The information on the Australian Faunal Directory site for the Megaloptera is derived from the Zoological Catalogue of Australia database compiled on the Platypus software program. It incorporates changes made to the work published on 23 December 1988 as (Theischinger, G. & Houston, W.W.K., 1988)
The Megaloptera was updated by A.A. Calder, June 2000.
Distribution data in the Directory is by political and geographic region descriptors and serves as a guide to the distribution of a taxon. For details of a taxon's distribution, the reader should consult the cited references (if any) at genus and species levels.
Australia is defined as including Lord Howe Is., Norfolk Is., Cocos (Keeling) Ils, Christmas Is., Ashmore and Cartier Ils, Macquarie Is., Australian Antarctic Territory, Heard and McDonald Ils, and the waters associated with these land areas of Australian political responsibility. Political areas include the adjacent waters.

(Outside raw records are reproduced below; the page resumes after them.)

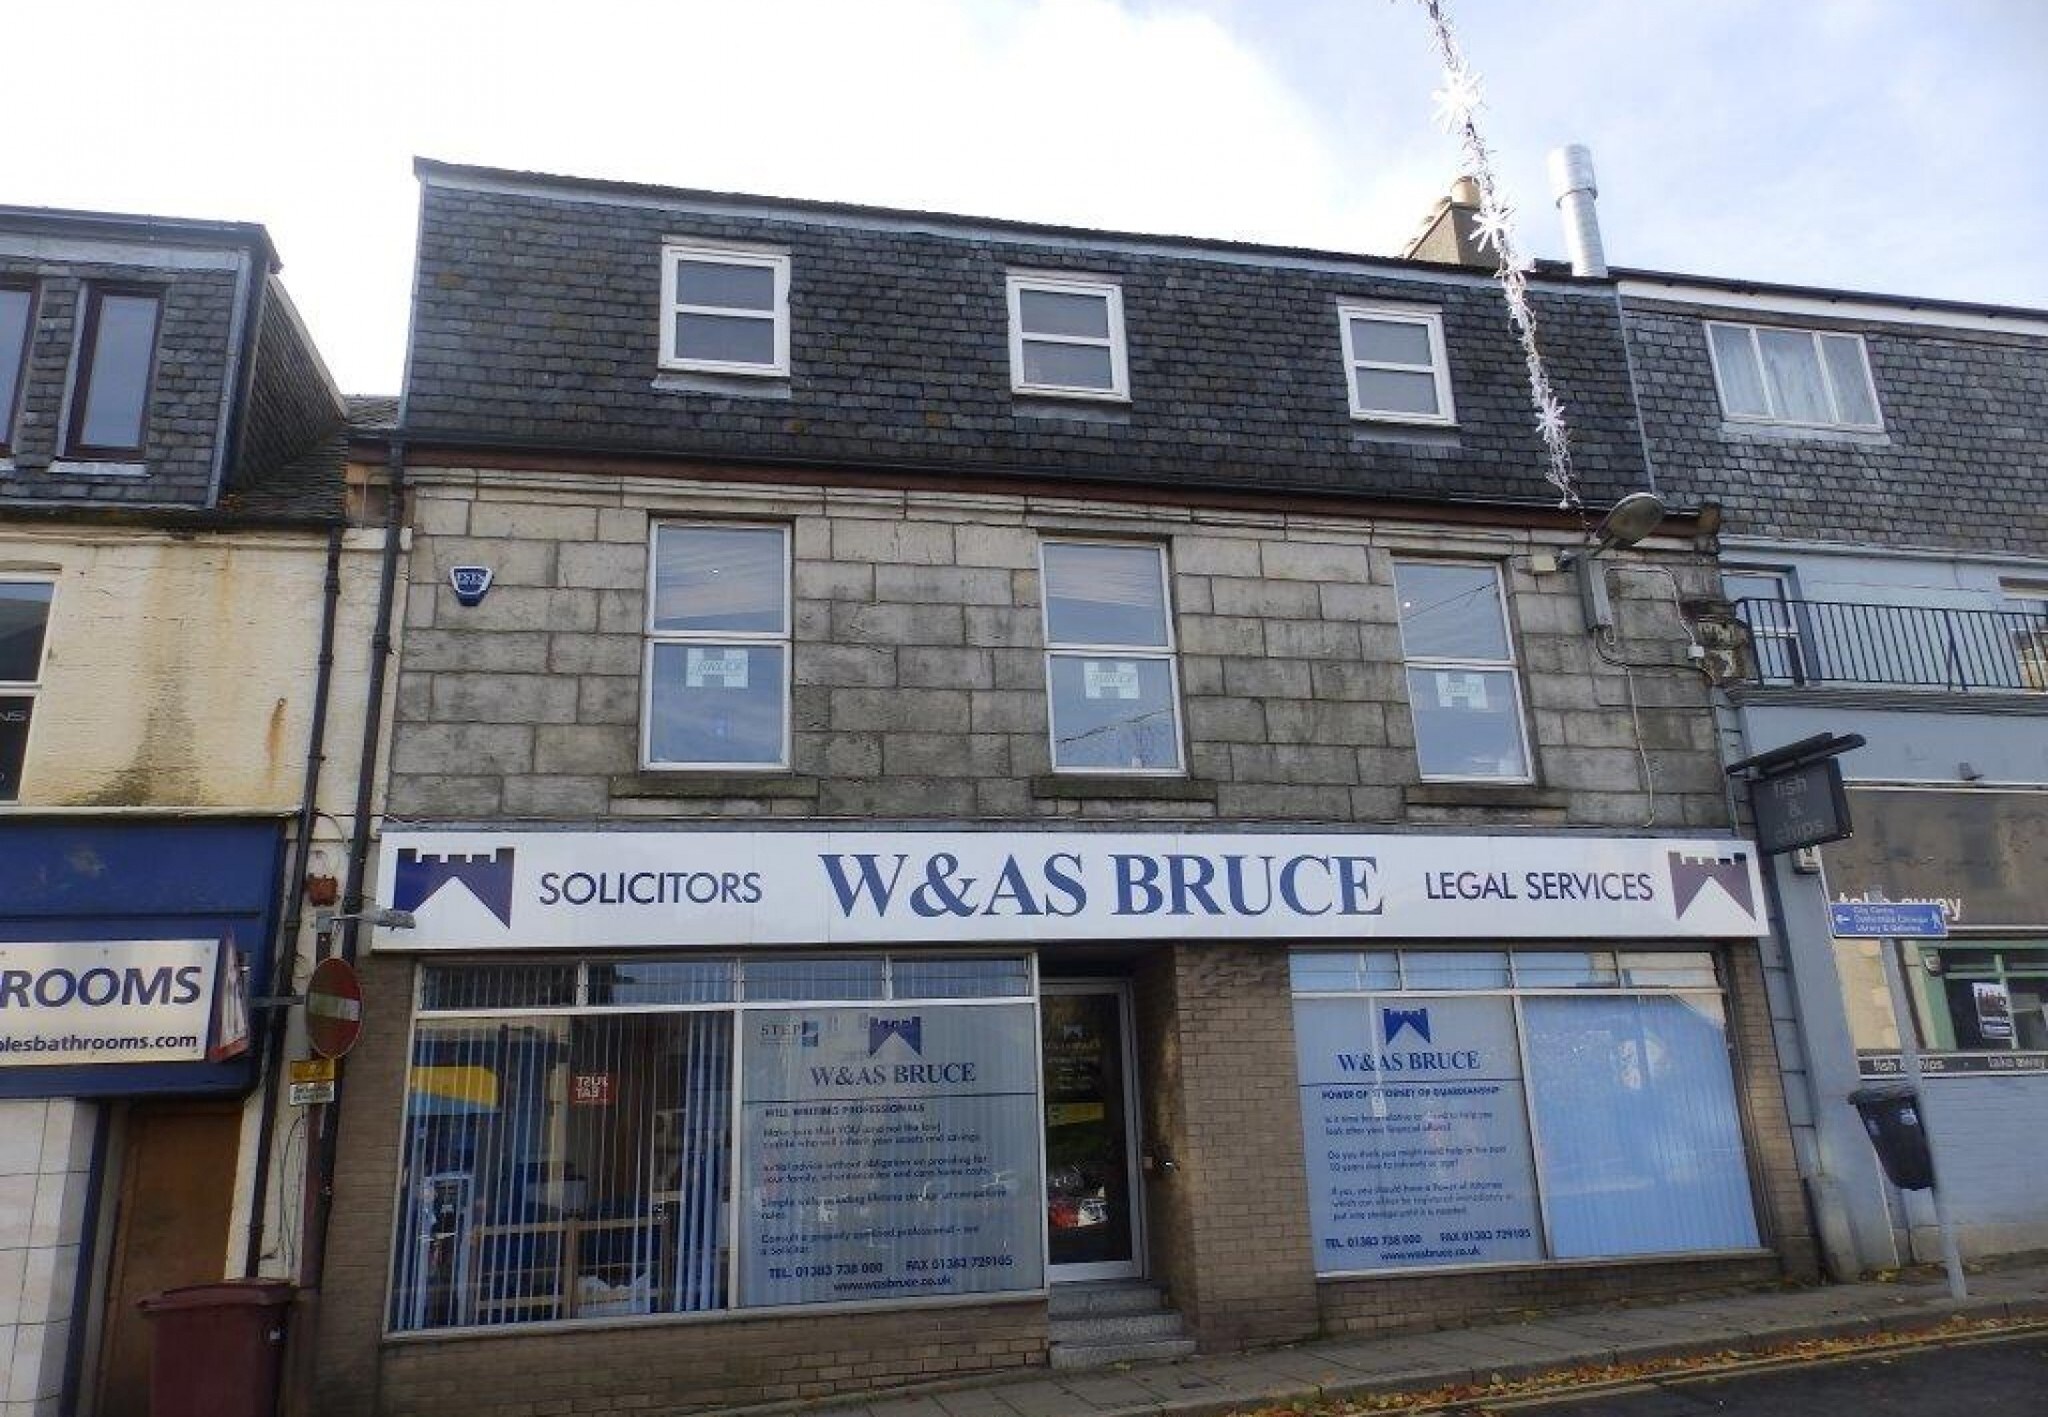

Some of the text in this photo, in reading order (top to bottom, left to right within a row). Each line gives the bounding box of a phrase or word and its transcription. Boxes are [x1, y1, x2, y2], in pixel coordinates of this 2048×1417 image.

[539, 870, 763, 905] SOLICITORS
[818, 850, 1384, 920] W&AS BRUCE
[1425, 871, 1654, 902] LEGAL SERVICES
[0, 1033, 197, 1053] lesbathrooms.com
[1409, 1050, 1481, 1070] BRUCE
[810, 1061, 977, 1086] W&AS BRUCE
[906, 1259, 929, 1271] FAX
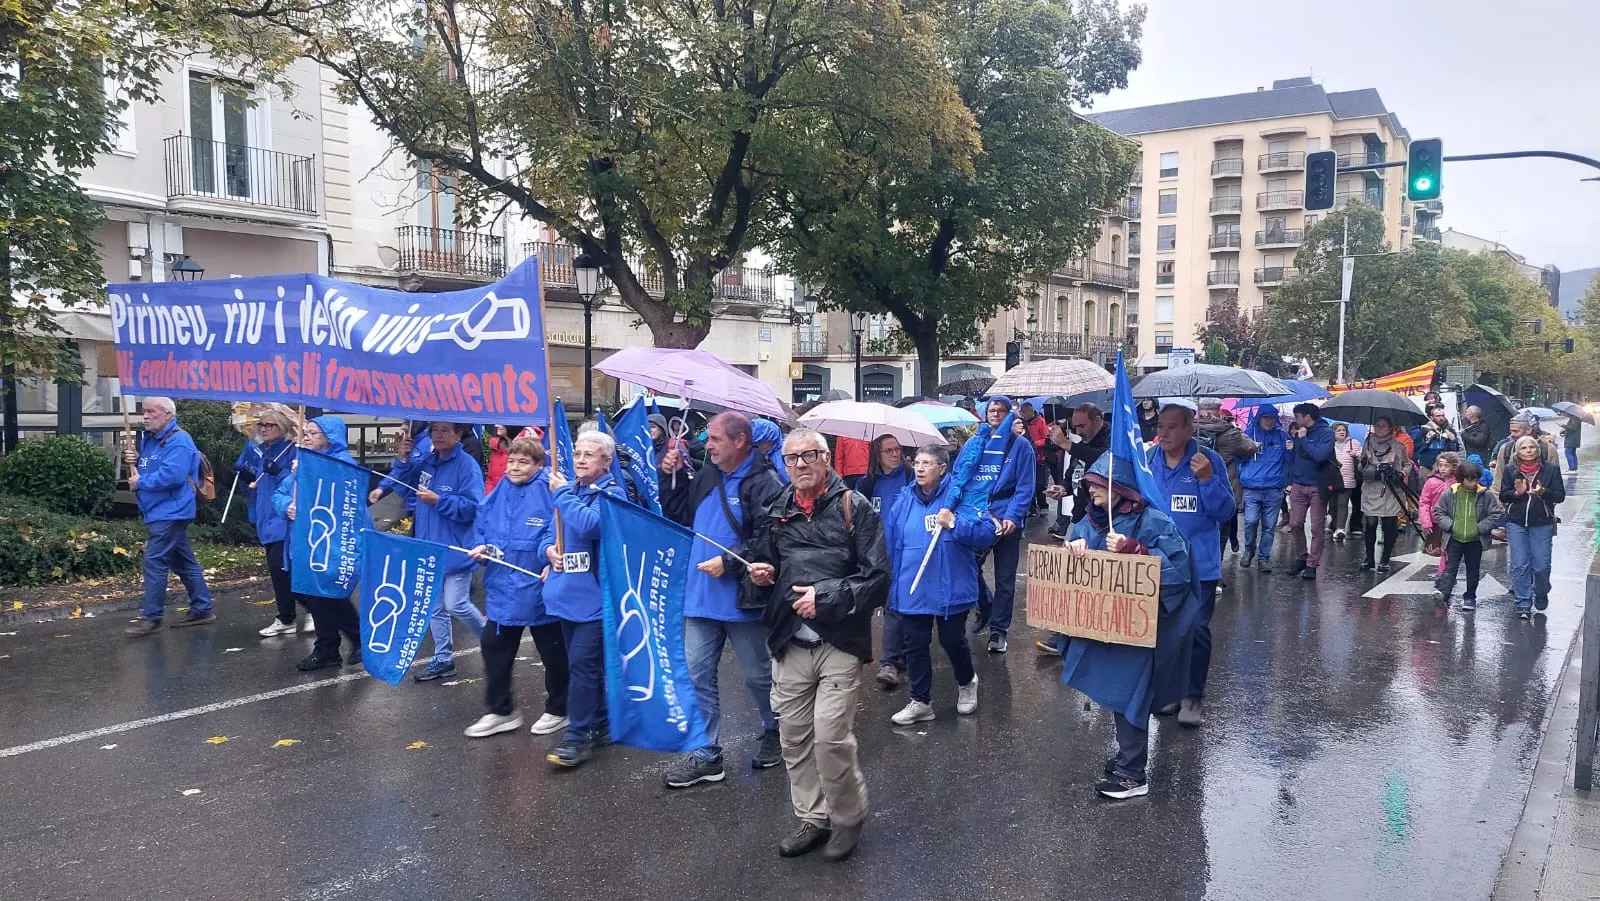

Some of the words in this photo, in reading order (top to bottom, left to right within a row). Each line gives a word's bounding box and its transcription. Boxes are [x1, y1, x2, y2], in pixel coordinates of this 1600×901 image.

[108, 293, 216, 351] Pirineu,
[223, 288, 266, 345] riu
[274, 285, 287, 344] i
[300, 284, 369, 350] delta
[362, 303, 436, 355] vius
[139, 352, 300, 393] embassaments
[302, 352, 321, 396] Ni
[1172, 496, 1187, 511] YESA
[1188, 496, 1197, 512] NO
[580, 553, 590, 570] NO
[1066, 554, 1157, 598] HOSPITALES
[1074, 589, 1149, 638] TOBOGANES

Terrestrial geographical terms are based on the drainage systems of continental Australia, while marine terms are self explanatory except as follows: the boundary between the coastal and oceanic zones is the 200 m contour; the Arafura Sea extends from Cape York to 124 DEG E; and the boundary between the Tasman and Coral Seas is considered to be the latitude of Fraser Island, also regarded as the southern terminus of the Great Barrier Reef.
Distribution records, if any, outside of these areas are listed as extralimital. The distribution descriptors for each species are collated to genus level. Users are advised that extralimital distribution for some taxa may not be complete.